TASK OBJECTIVE:
Return every line below as is, leaving out the pictures.

Free-text object descriptions:
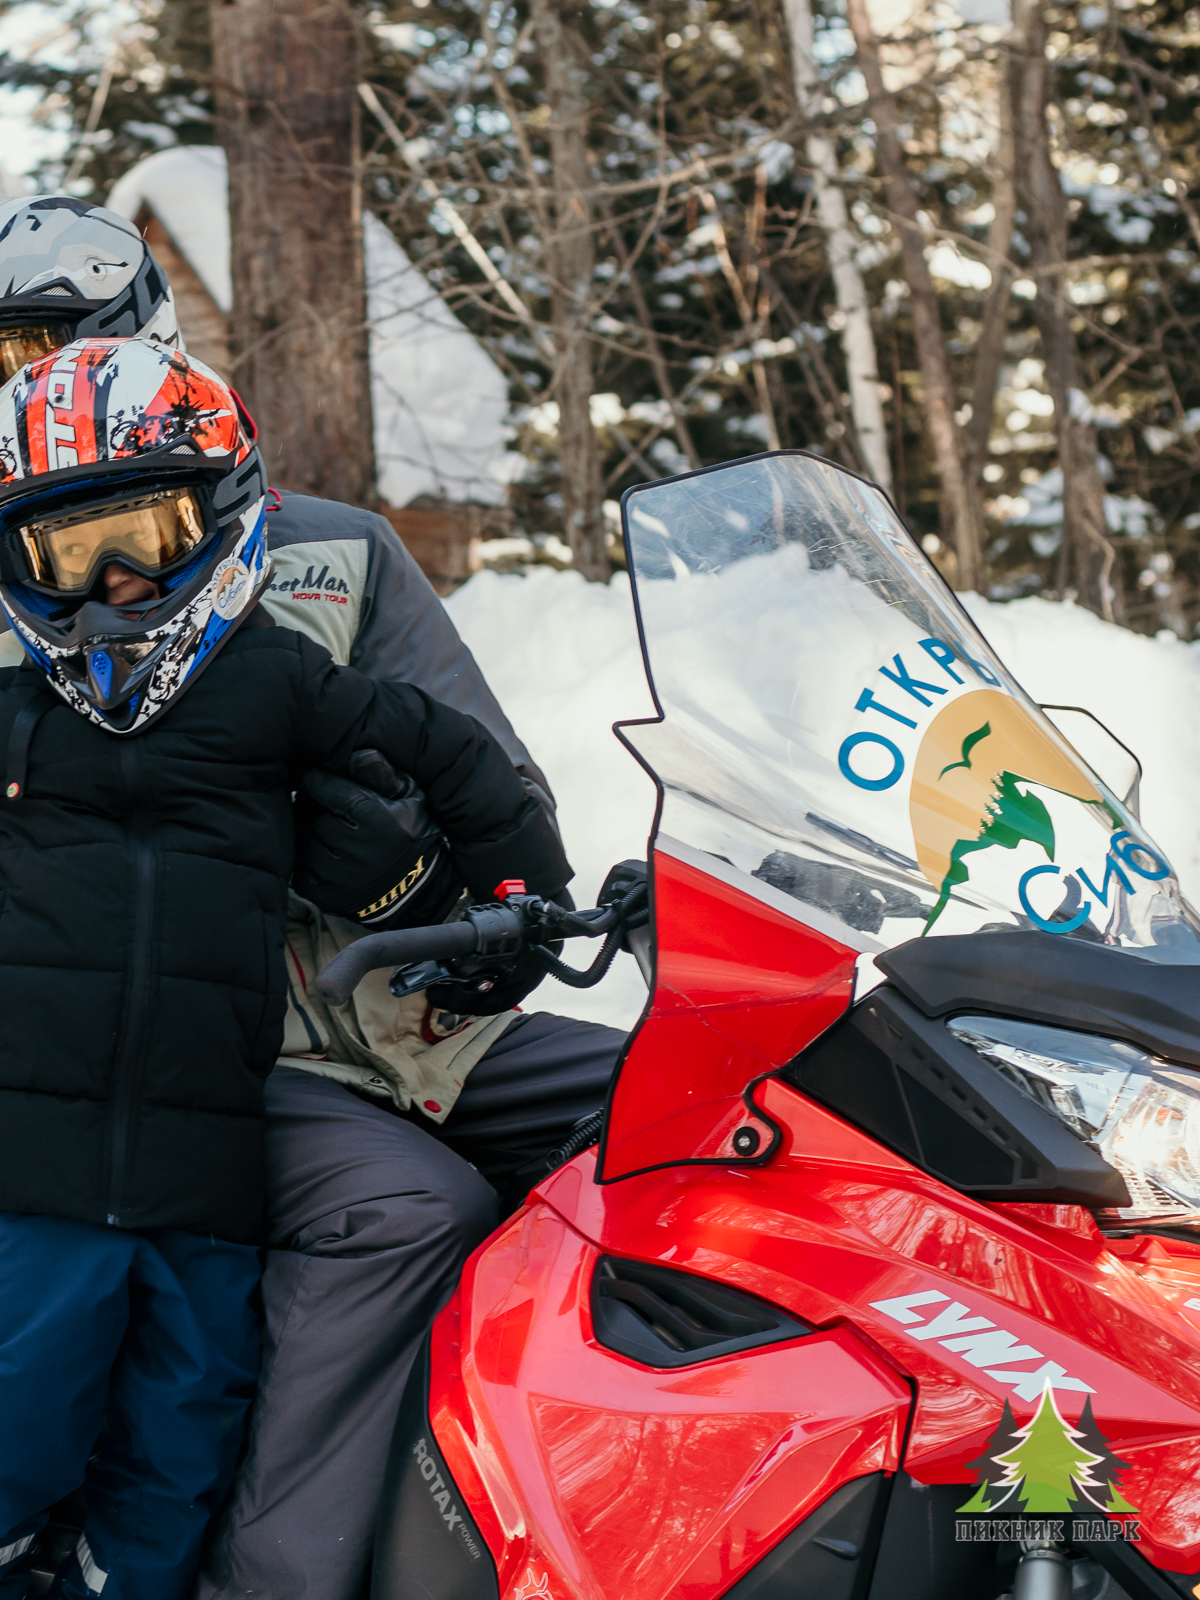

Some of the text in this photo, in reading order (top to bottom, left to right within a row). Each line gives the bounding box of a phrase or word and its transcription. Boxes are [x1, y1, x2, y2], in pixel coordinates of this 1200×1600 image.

[292, 592, 348, 605] NOVA TOUR
[868, 1289, 1098, 1403] LYNX
[413, 1438, 481, 1560] ROTAX POWER
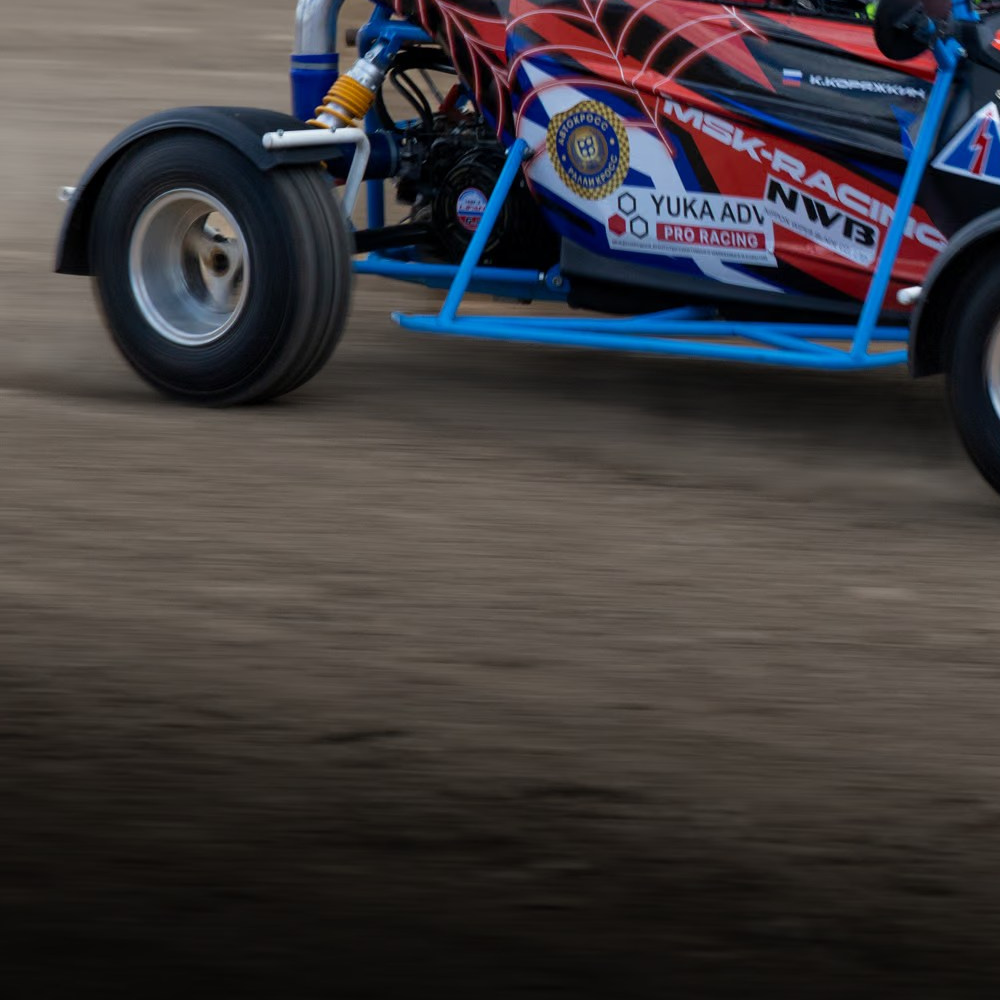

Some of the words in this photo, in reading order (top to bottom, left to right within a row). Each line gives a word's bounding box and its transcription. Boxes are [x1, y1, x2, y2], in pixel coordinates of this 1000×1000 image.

[558, 113, 609, 146] АВТОКРОСС
[568, 154, 618, 187] РАЛЛИКРОСС
[651, 193, 715, 223] YUKA
[720, 201, 765, 226] ADV
[767, 179, 876, 247] NWB
[664, 226, 695, 243] PRO
[700, 230, 759, 250] RACING
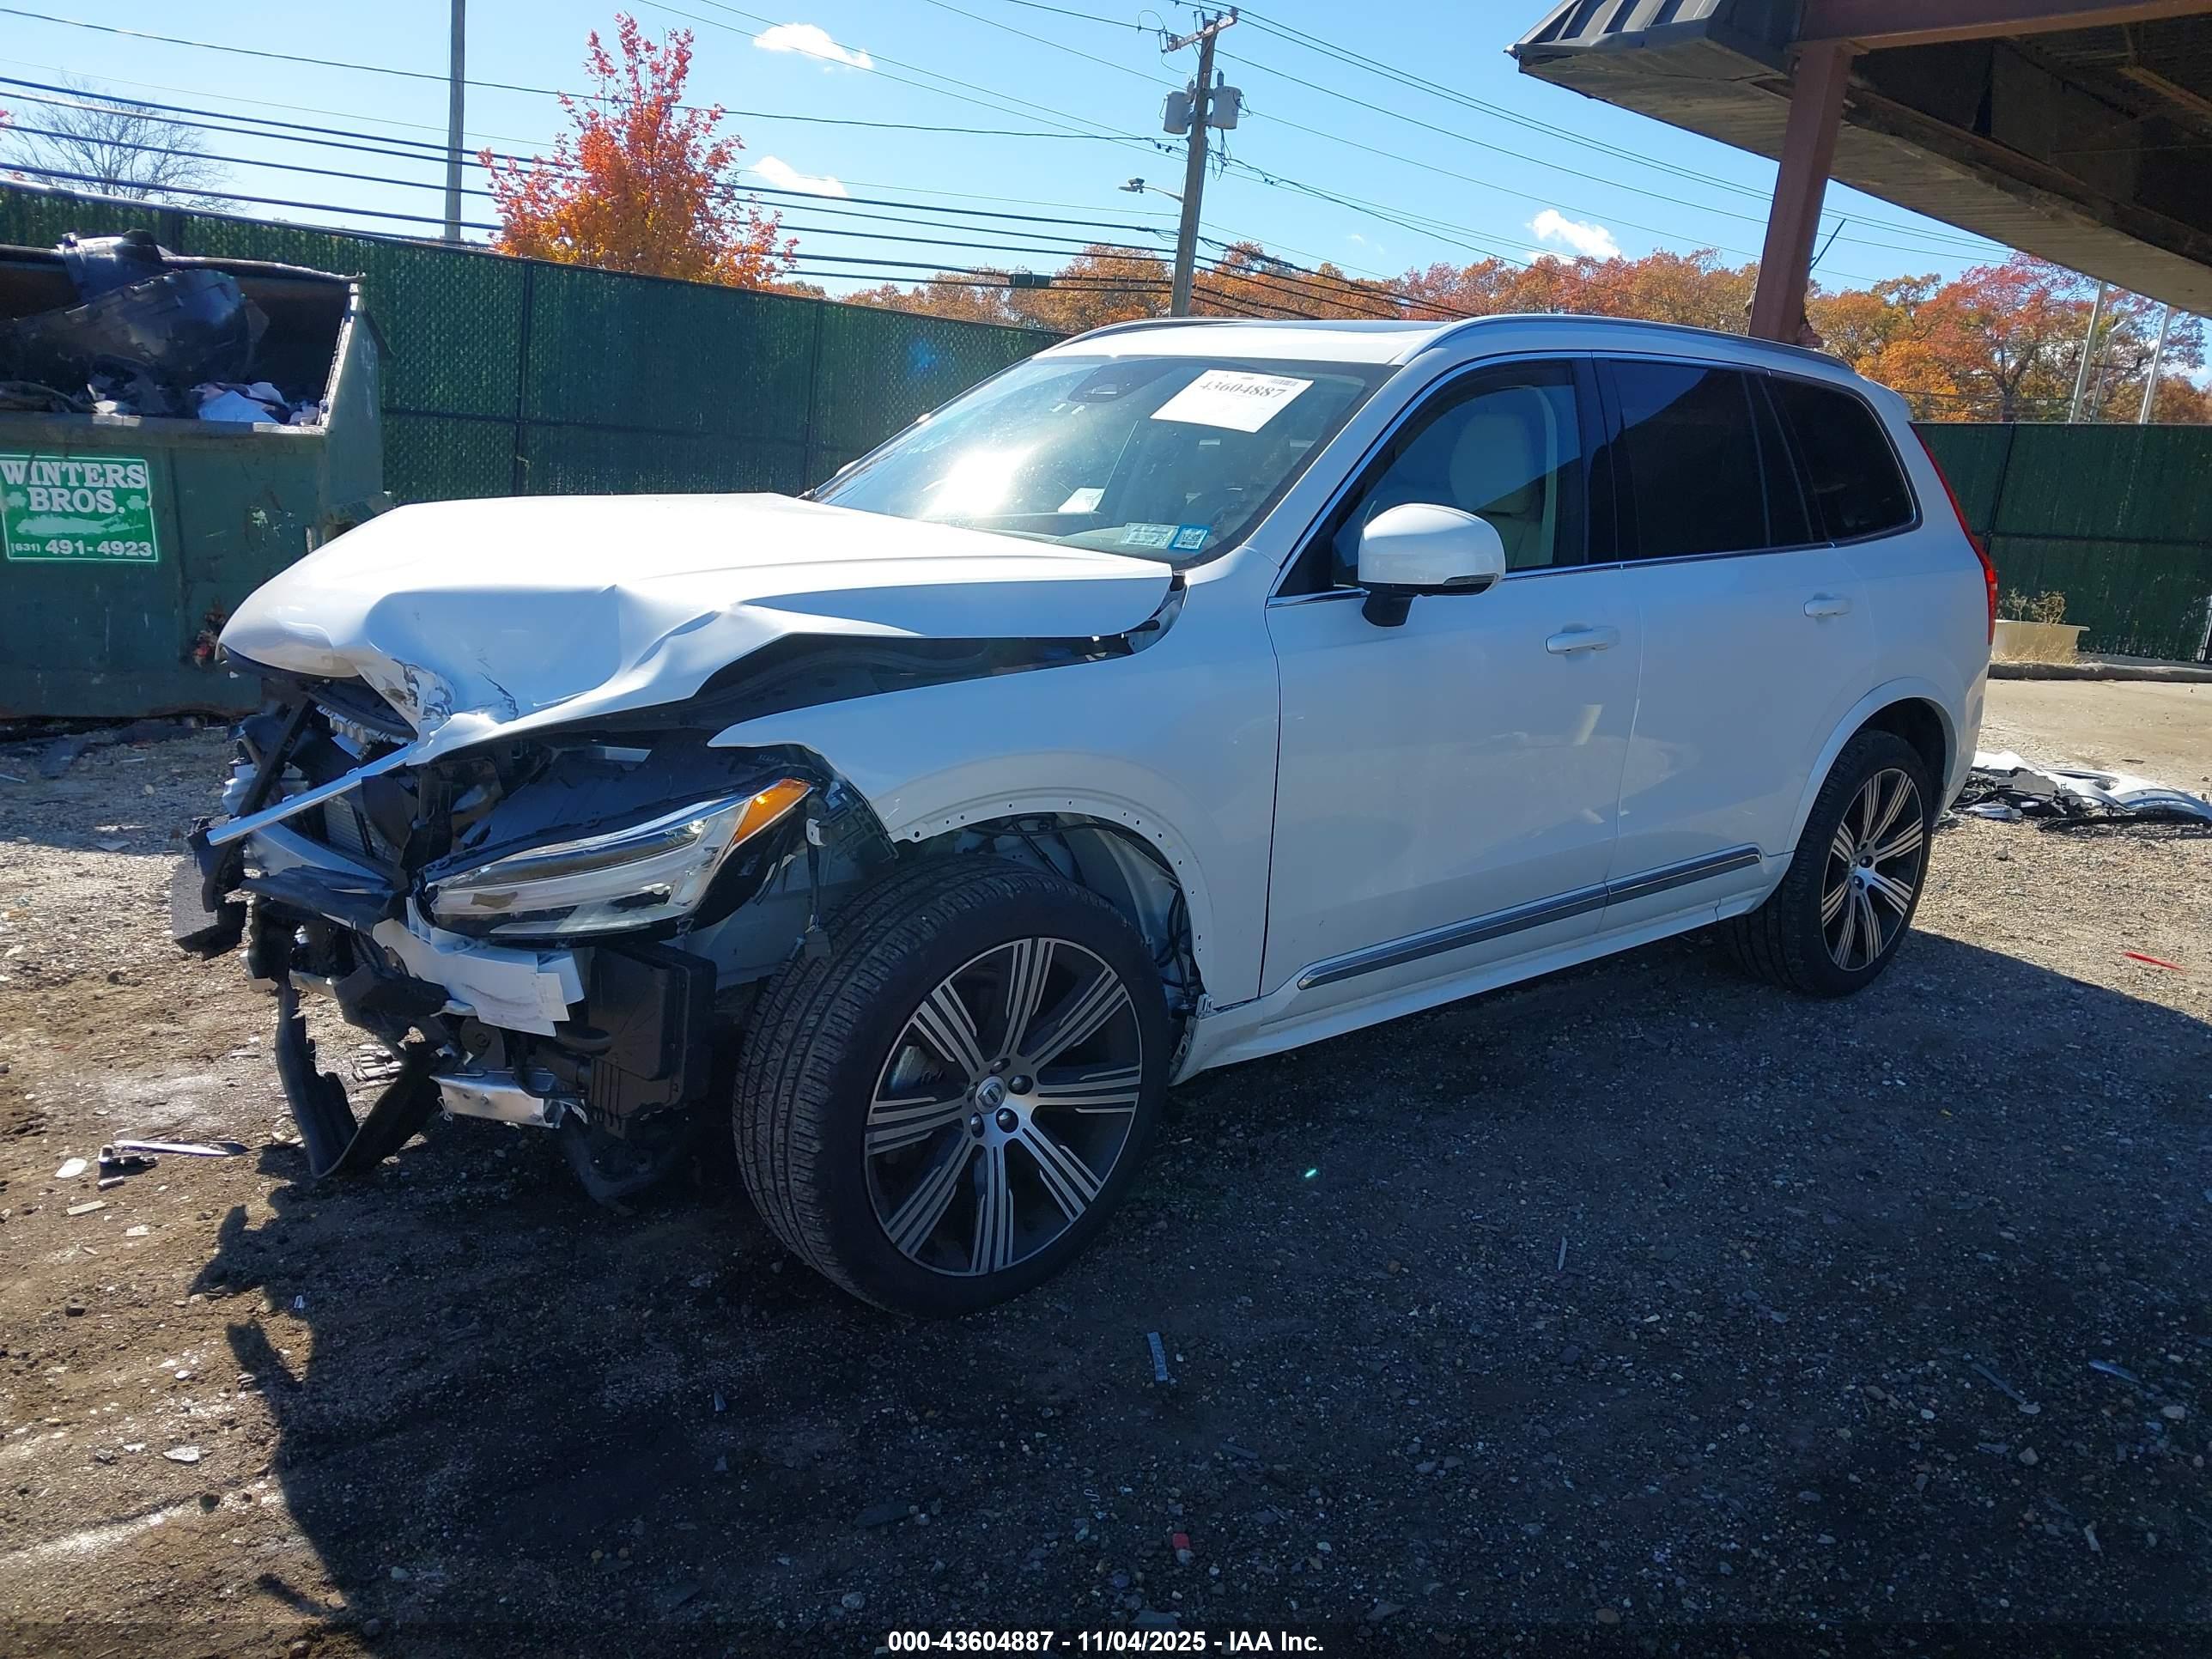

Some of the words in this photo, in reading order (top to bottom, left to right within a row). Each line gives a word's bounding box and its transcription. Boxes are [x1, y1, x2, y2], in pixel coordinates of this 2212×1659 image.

[1200, 380, 1287, 398] 43604887
[0, 460, 147, 489] WINTERS
[27, 487, 125, 514] BROS.
[10, 543, 41, 555] (631)
[45, 539, 152, 557] 491-4923

FINISHED EXERCISE:
Some of the text in this photo, in reading order (top to bottom, left to right within a row). Each line gives the bounding box of a phrase or word and its transcription. Boxes are [x1, y1, x2, y2], in pixel coordinates of this 1200×1600 image.

[292, 592, 348, 605] NOVA TOUR
[868, 1289, 1098, 1403] LYNX
[413, 1438, 481, 1560] ROTAX POWER

Some of the words in this photo, in reading order (top to bottom, left to right within a row). Each line gives a word's bounding box and its transcription. Boxes are [x1, y1, x2, y2], in pixel coordinates of this 1000×1000 image.

[558, 113, 609, 146] АВТОКРОСС
[568, 154, 618, 187] РАЛЛИКРОСС
[651, 193, 715, 223] YUKA
[720, 201, 765, 226] ADV
[767, 179, 876, 247] NWB
[664, 226, 695, 243] PRO
[700, 230, 759, 250] RACING

Some of the words in this photo, in reading order (top to bottom, left to right within a row). Each line gives a word's bounding box and its transcription. Boxes are [x1, y1, x2, y2], in pixel coordinates of this 2212×1659 image.

[1200, 380, 1287, 398] 43604887
[0, 460, 147, 489] WINTERS
[27, 487, 125, 514] BROS.
[10, 543, 41, 555] (631)
[45, 539, 152, 557] 491-4923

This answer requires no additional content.